Minor Bone marrow suppression is associated with guanidine therapy. There is an increased risk of stroke and greater rate of cognitive decline and mortality in persons with dementia receiving antipsychotics, and the Beers expert panel recommends avoiding antipsychotics to treat delirium- or dementia-related behavioral problems unless non-pharmacological options have failed or are not possible and the patient is a substantial threat to self or others.
To email a medicine you must sign up and log in. Decreases effectiveness ihsert increases toxicity of levodopa.
Rare occurrences of neuroleptic malignant syndrome NMS have been reported in patients on neuroleptic therapy. Phenothiazines should be discontinued 48 hours before the myelography and should not be resumed until at least 24 hours after the procedure. Patients should take care and use proper techniques to limit sunlight and UV exposure of treated areas. Ethinyl Estradiol; Norethindrone Acetate; Ferrous fumarate: Furthermore, oxycodone is metabolized in part by 2D6 to oxymorphone, packate represents Ibutilide: Therefore, identify and address all possible causes dcanoate behavioral or psychological symptoms of dementia BPSD before considering an antipsychotic.
An interruption of therapy, dose reduction, or discontinuation of therapy may be necessary for crizotinib patients if QT prolongation occurs.
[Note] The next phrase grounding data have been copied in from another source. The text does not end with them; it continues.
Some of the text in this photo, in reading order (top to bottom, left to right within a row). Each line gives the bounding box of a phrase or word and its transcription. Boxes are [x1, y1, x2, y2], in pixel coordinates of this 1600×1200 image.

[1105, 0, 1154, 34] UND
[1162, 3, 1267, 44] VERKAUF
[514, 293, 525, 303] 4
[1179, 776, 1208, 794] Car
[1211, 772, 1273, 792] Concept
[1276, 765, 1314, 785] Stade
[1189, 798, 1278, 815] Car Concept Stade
Moderate Additive effects may be seen when phenothiazines are used concomitantly with other drugs with antimuscarinic activity, fluphenazins as chlorpheniramine, a sedating H1-blocker. If drugs are withdrawn, recurrence of symptoms may not become apparent for several weeks or months.
Minor When used for the treatment of nausea and vomiting, antiemetic phenothiazines may effectively mask symptoms that are associated with ototoxicity induced by aminoglycosides.
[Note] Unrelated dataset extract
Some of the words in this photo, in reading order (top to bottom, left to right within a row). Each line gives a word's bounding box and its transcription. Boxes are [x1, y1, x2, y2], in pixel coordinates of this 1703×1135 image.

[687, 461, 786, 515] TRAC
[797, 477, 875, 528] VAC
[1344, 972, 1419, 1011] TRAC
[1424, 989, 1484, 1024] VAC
Cariprazine, like other antipsychotics, has the potential to impair judgment, thinking, or motor skills. Chronic antipsychotic treatment should generally be reserved for patients who suffer from a chronic illness that is known to respond to antipsychotics, and for whom alternative, equally effective, but potentially less harmful treatments are not available or appropriate. As with all antipsychotic agents, tardive dyskinesia may appear in some patients on long term therapy or may occur after drug therapy has been discontinued.
Psycholeptics; Phenothiazines with piperazine structure, ATC code: Reporting of suspected adverse reactions. Qualitative and quantitative composition 3.
Modecate Injection 25mg/ml
The risk for parkinsonism, NMS, or akathisia may be increased with packaeg administration. In Aprilthe FDA mandated that all manufacturers of atypical antipsychotics e. Theoretically, fluphenazine may increase the risk of QT prolongation if coadministered with drugs with a possible risk for QT prolongation.
Moderate Melatonin may exhibit pharmacodynamic interactions with the phenothiazines. Moderate Additive effects may be seen when phenothiazines are fluphnazine concomitantly with other drugs with antimuscarinic activity, such as meclizine, a sedating H1-blocker. If concurrent therapy is considered essential, ECG monitoring is recommended.
Modecate Injection 25mg/ml – Summary of Product Characteristics (SmPC) – (eMC)
Agents that inhibit intestinal motility or prolong intestinal transit time have been reported to induce toxic megacolon. According to the manufacturer, bepridil is contraindicated for use with drugs that prolong the QT interval due to the risk of TdP.
Fluconazole has been associated with QT prolongation and rare cases of TdP. Additive drowsiness or other additive CNS effects may also occur.